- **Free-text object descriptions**
--- START ---

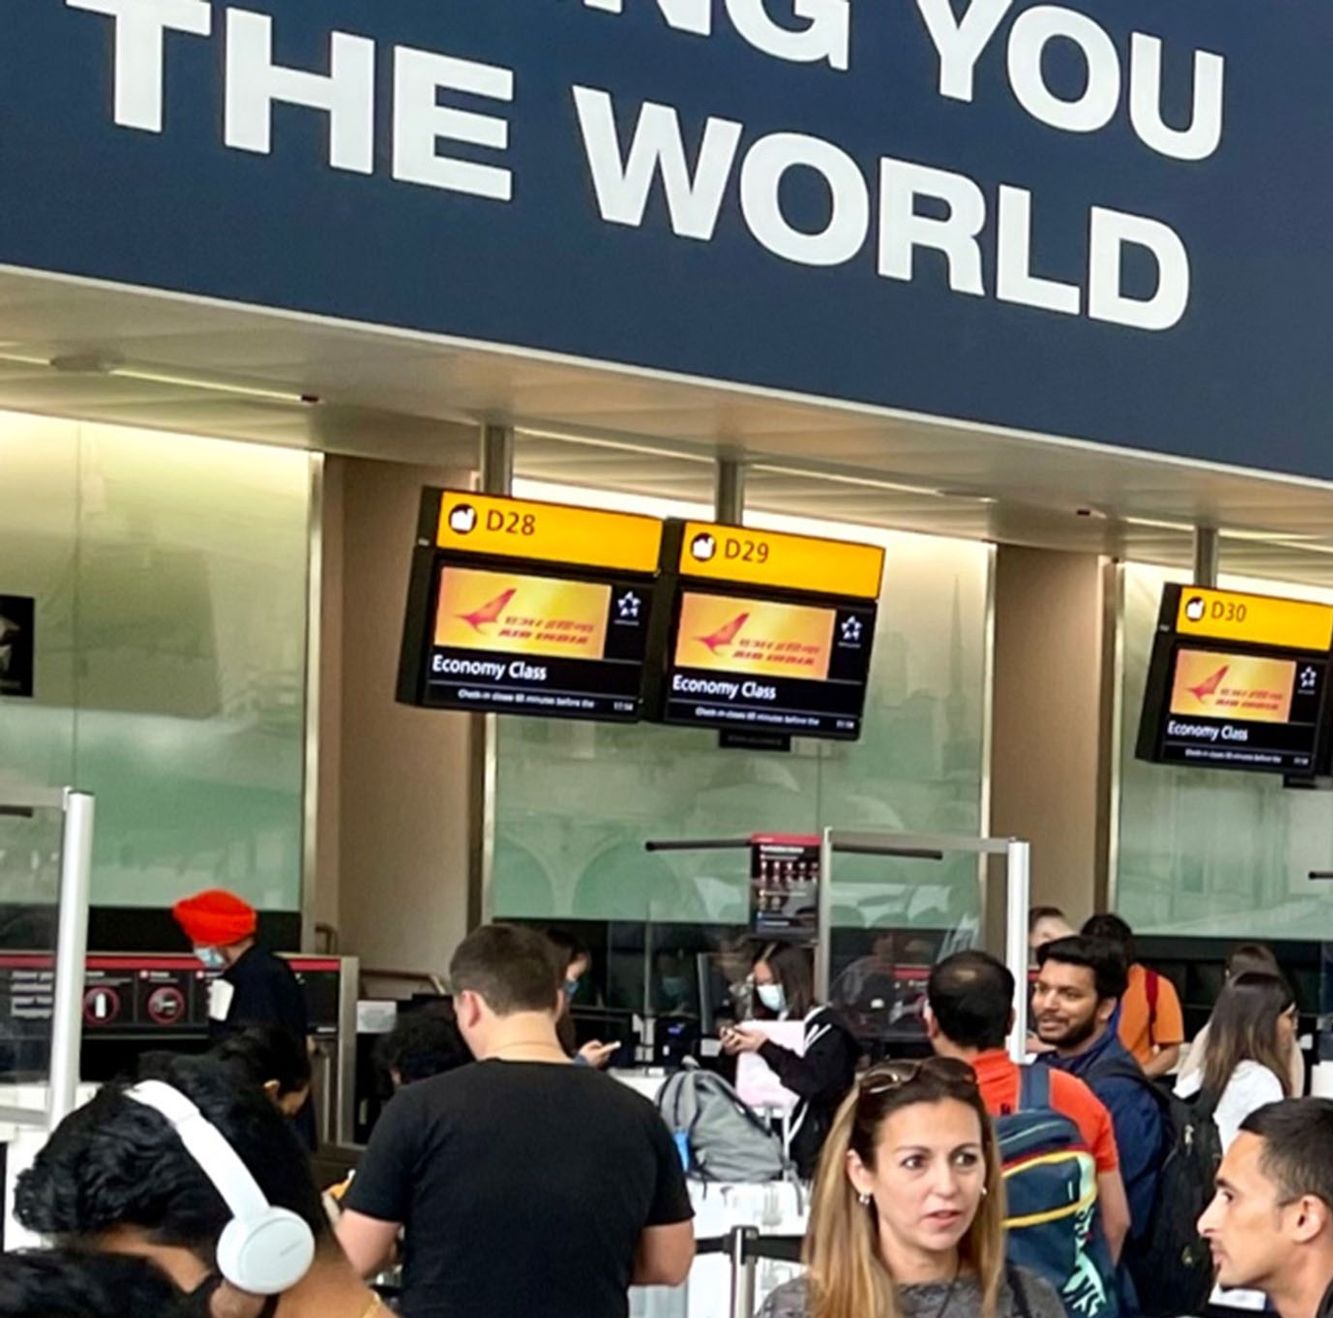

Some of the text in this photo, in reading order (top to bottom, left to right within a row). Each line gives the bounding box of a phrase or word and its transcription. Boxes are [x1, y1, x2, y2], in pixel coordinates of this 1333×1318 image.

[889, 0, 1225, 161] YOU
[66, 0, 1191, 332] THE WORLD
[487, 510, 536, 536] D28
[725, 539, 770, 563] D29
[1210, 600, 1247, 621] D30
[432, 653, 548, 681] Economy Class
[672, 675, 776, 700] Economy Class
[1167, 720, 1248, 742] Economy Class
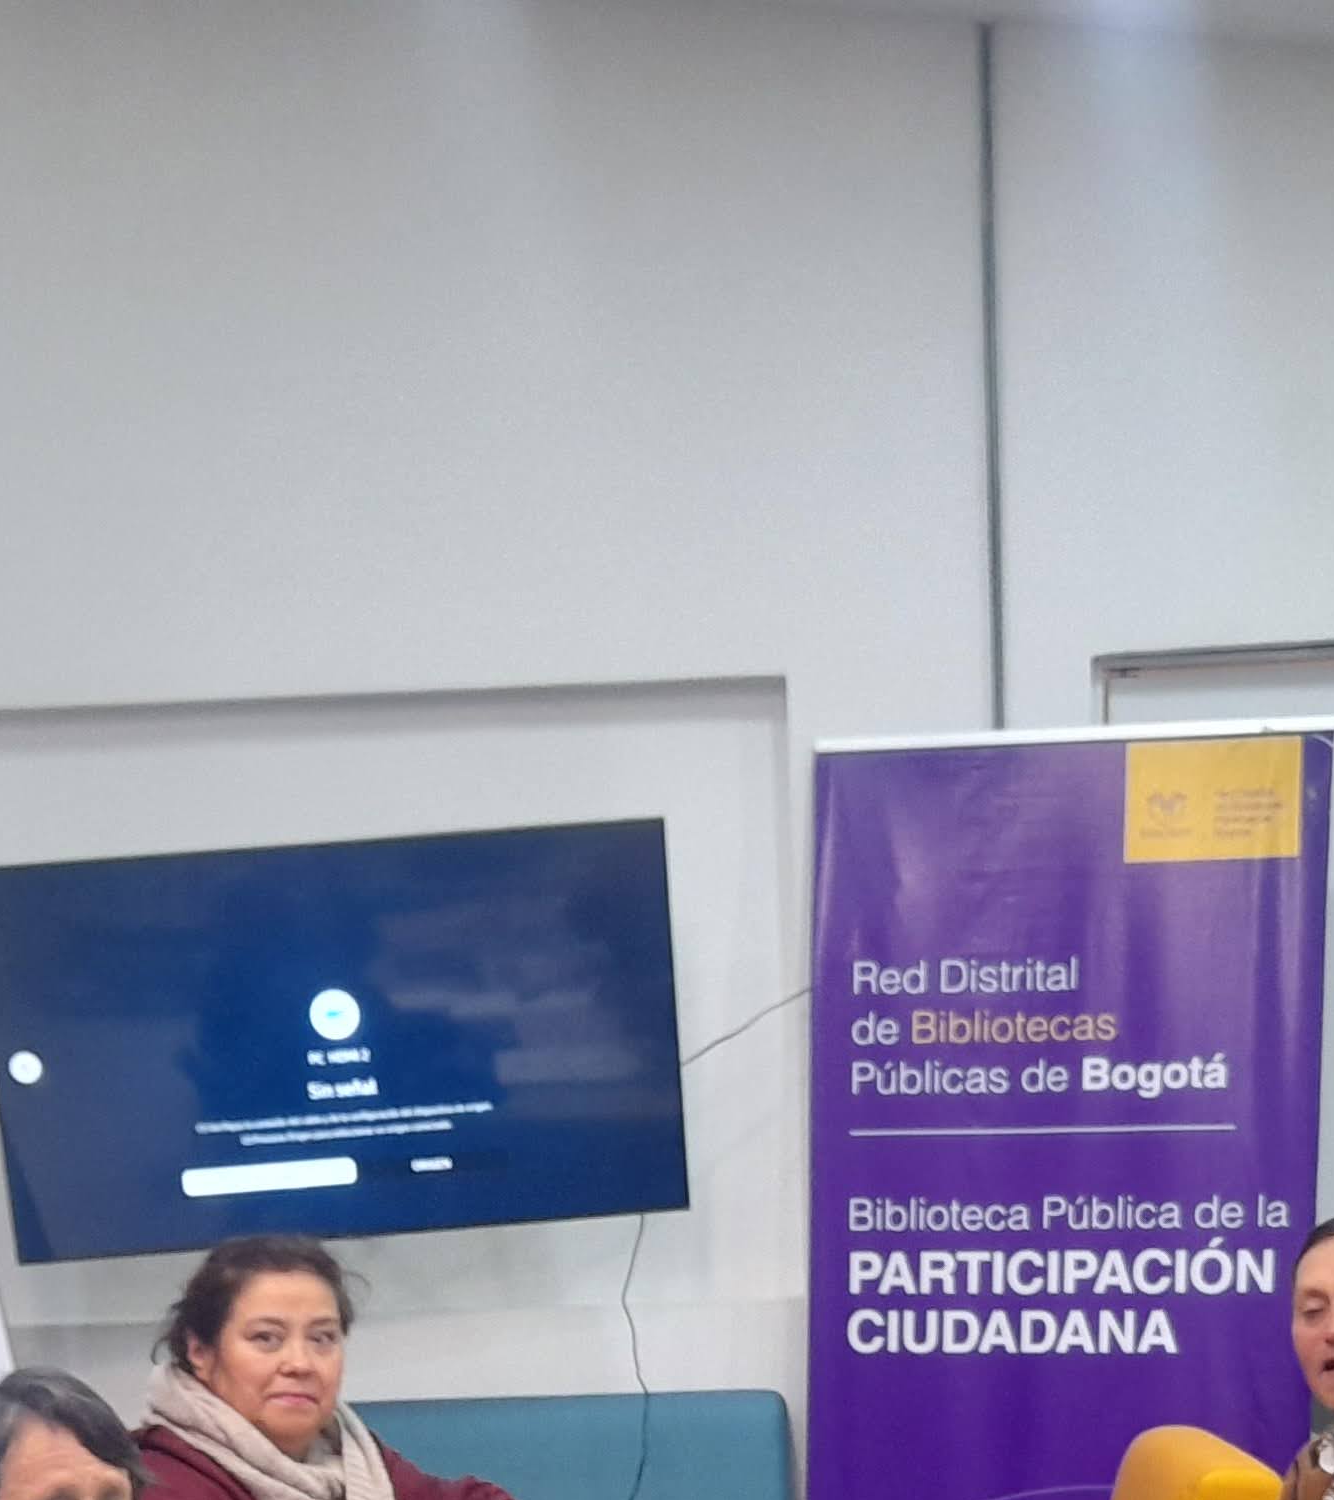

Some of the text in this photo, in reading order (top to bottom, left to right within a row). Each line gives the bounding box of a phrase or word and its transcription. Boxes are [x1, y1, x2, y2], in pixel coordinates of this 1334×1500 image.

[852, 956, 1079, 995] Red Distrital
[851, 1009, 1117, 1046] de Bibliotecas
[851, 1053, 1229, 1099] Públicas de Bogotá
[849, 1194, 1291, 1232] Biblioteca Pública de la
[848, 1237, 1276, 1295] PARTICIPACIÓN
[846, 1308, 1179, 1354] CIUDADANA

--- END ---

- **Task description**
Set the entries down again exactly. Do not include the images.

- **Exercise solution**
Some of the text in this photo, in reading order (top to bottom, left to right within a row). Each line gives the bounding box of a phrase or word and its transcription. Boxes are [x1, y1, x2, y2], in pixel coordinates of this 1333×1318 image.

[889, 0, 1225, 161] YOU
[66, 0, 1191, 332] THE WORLD
[487, 510, 536, 536] D28
[725, 539, 770, 563] D29
[1210, 600, 1247, 621] D30
[432, 653, 548, 681] Economy Class
[672, 675, 776, 700] Economy Class
[1167, 720, 1248, 742] Economy Class

Some of the text in this photo, in reading order (top to bottom, left to right within a row). Each line gives the bounding box of a phrase or word and its transcription. Boxes are [x1, y1, x2, y2], in pixel coordinates of this 1334×1500 image.

[852, 956, 1079, 995] Red Distrital
[851, 1009, 1117, 1046] de Bibliotecas
[851, 1053, 1229, 1099] Públicas de Bogotá
[849, 1194, 1291, 1232] Biblioteca Pública de la
[848, 1237, 1276, 1295] PARTICIPACIÓN
[846, 1308, 1179, 1354] CIUDADANA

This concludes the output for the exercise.